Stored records
=====

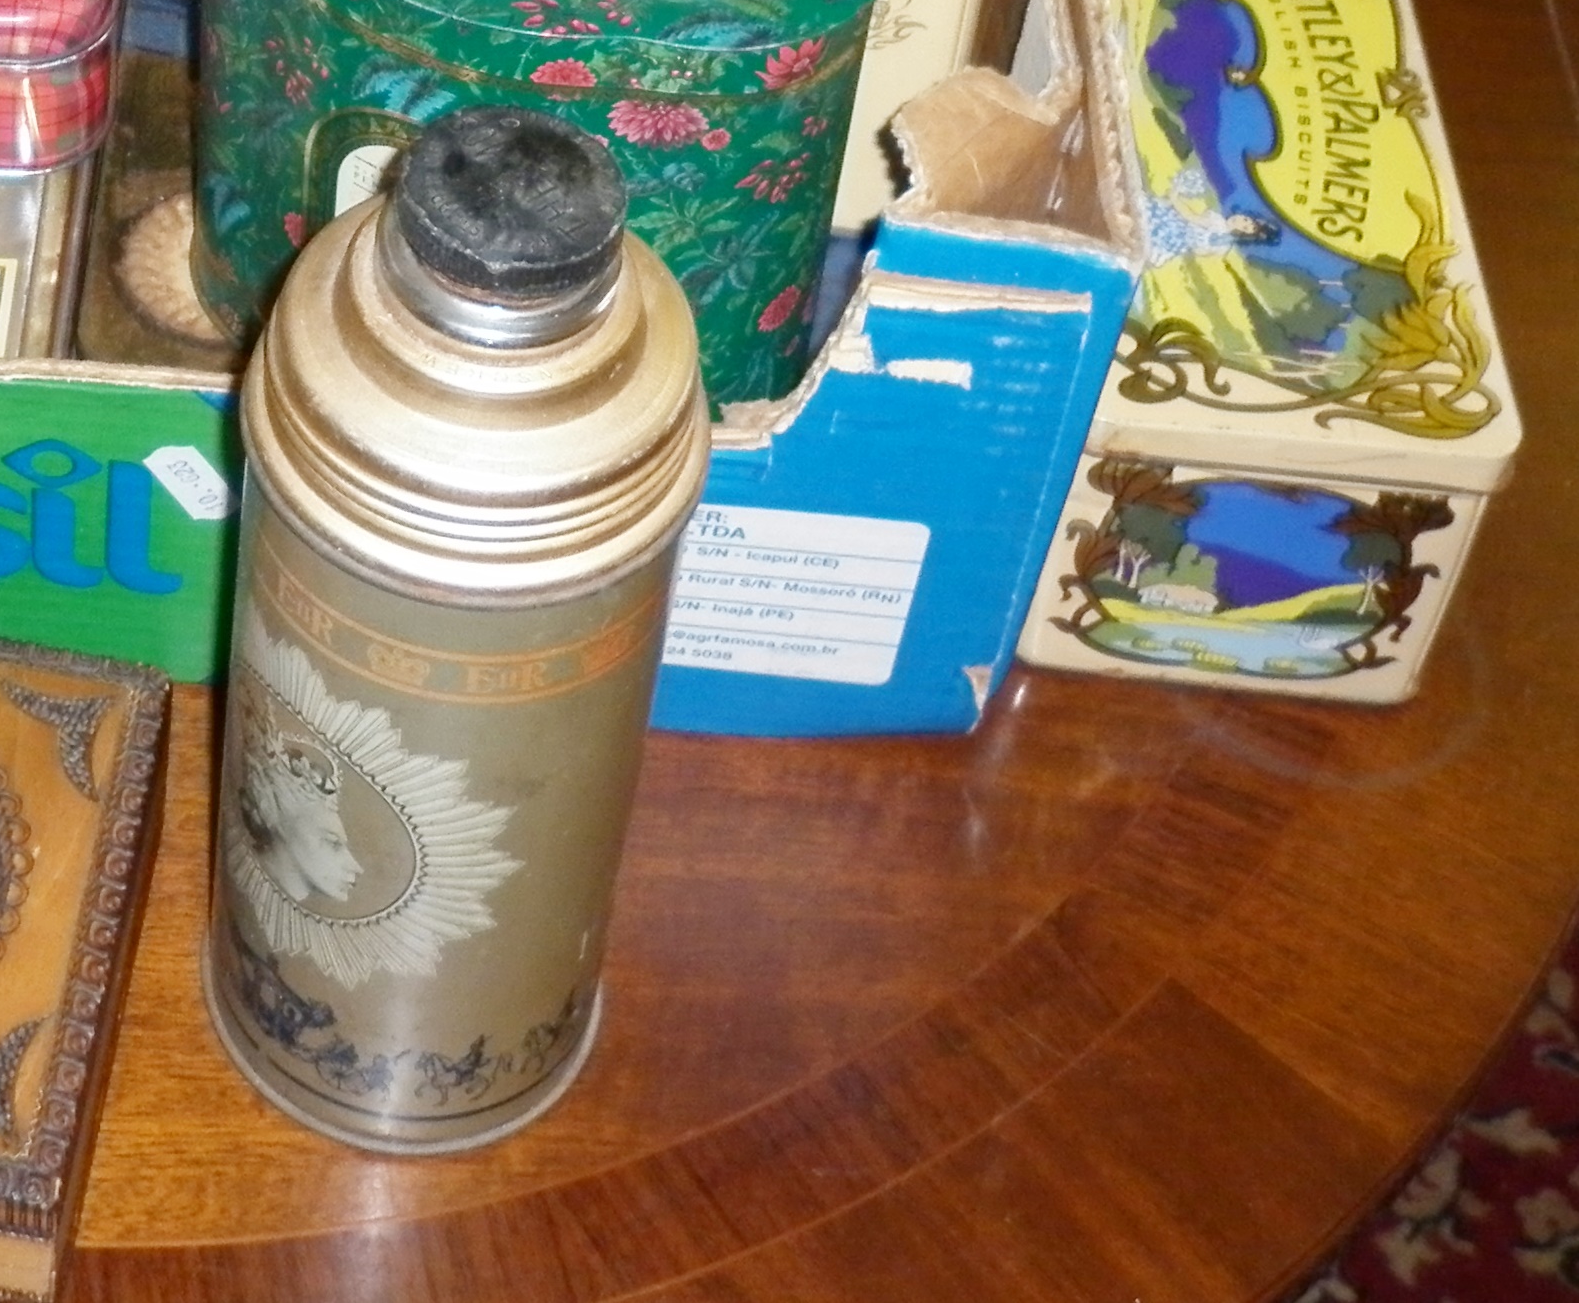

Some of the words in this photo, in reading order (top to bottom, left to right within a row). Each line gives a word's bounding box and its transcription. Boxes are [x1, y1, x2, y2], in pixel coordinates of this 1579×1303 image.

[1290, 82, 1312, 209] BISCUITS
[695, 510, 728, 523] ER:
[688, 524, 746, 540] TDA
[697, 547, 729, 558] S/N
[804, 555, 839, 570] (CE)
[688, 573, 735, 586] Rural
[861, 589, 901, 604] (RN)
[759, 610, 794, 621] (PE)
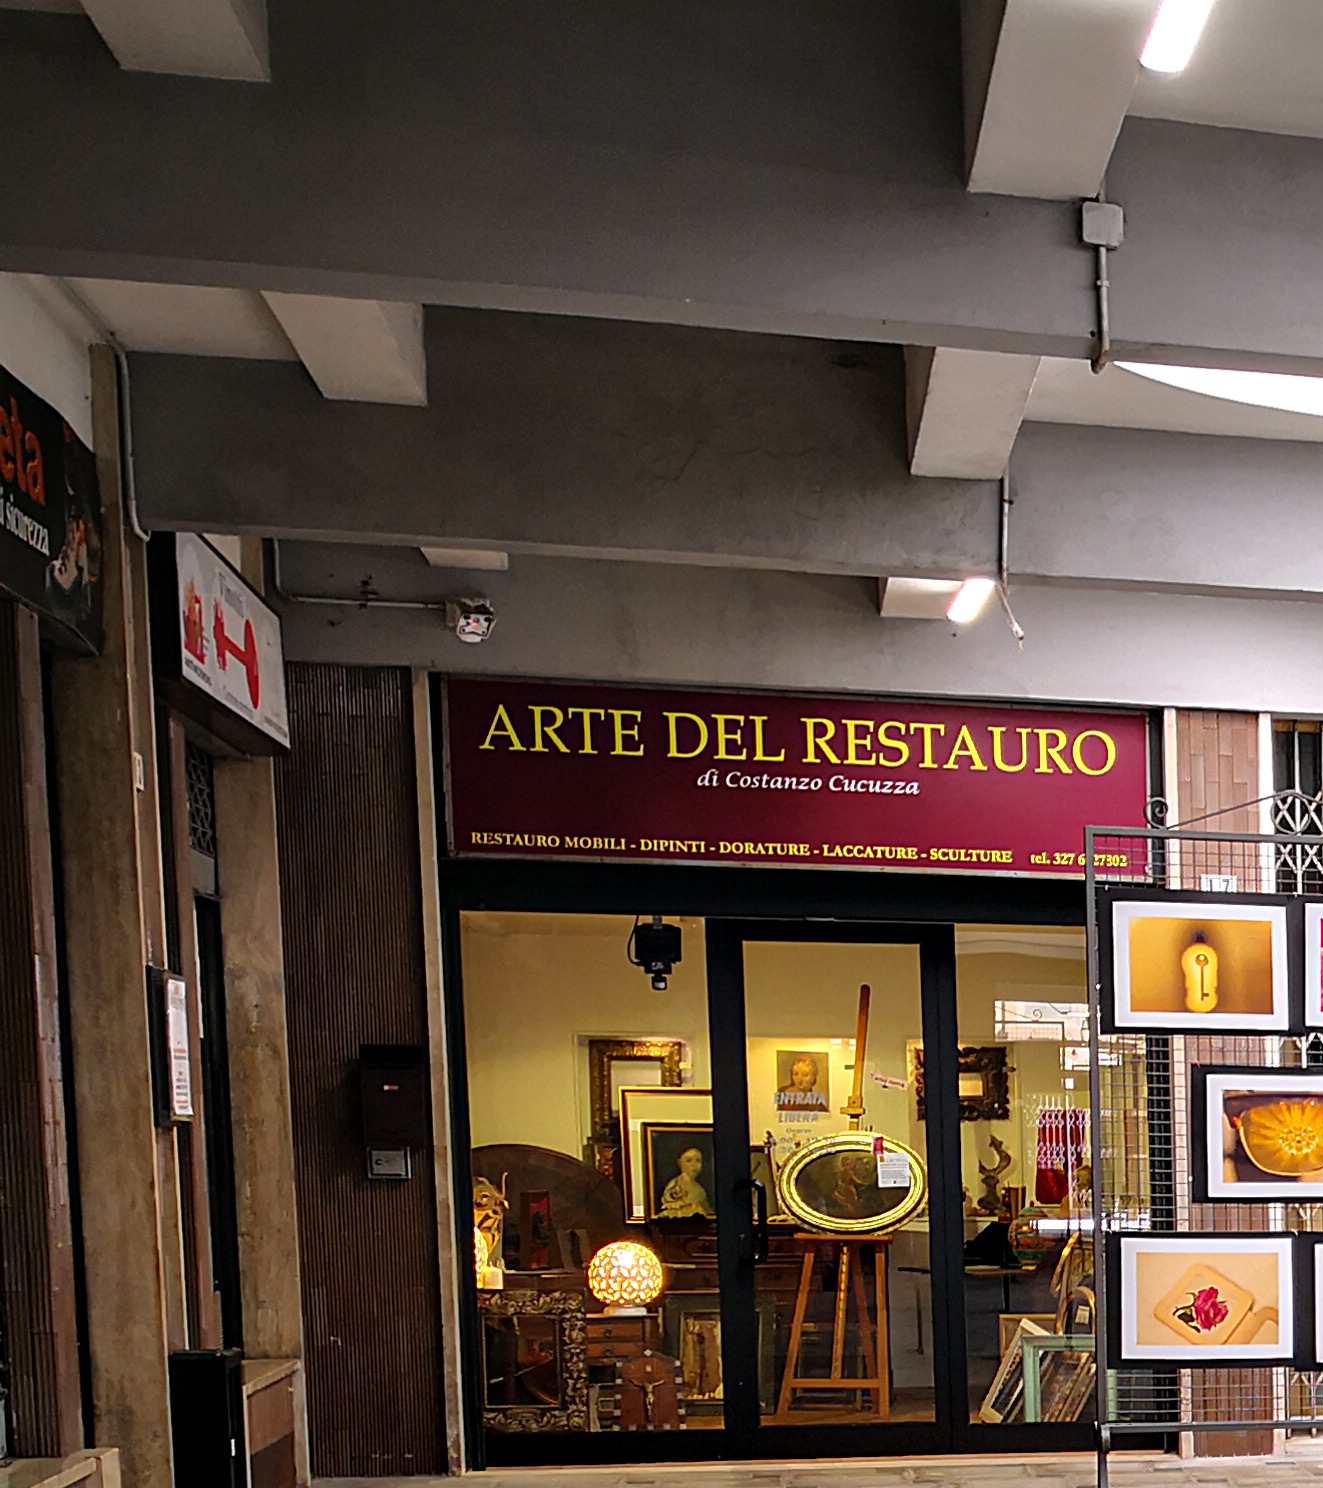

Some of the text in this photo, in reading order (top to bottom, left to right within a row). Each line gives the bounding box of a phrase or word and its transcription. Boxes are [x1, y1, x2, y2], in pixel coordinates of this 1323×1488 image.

=====

#### Task item
I'd like every record above written out again exactly, without the pictures.

#### Written solution
Some of the words in this photo, in reading order (top to bottom, left to right within a row). Each line gives a word's bounding box and its transcription. Boxes are [x1, y1, x2, y2], in pixel coordinates of this 1579×1303 image.

[1290, 82, 1312, 209] BISCUITS
[695, 510, 728, 523] ER:
[688, 524, 746, 540] TDA
[697, 547, 729, 558] S/N
[804, 555, 839, 570] (CE)
[688, 573, 735, 586] Rural
[861, 589, 901, 604] (RN)
[759, 610, 794, 621] (PE)

Some of the text in this photo, in reading order (top to bottom, left to right within a row). Each line gives the bounding box of a phrase or word and its transcription. Boxes are [x1, y1, x2, y2], in pixel coordinates of this 1323×1488 image.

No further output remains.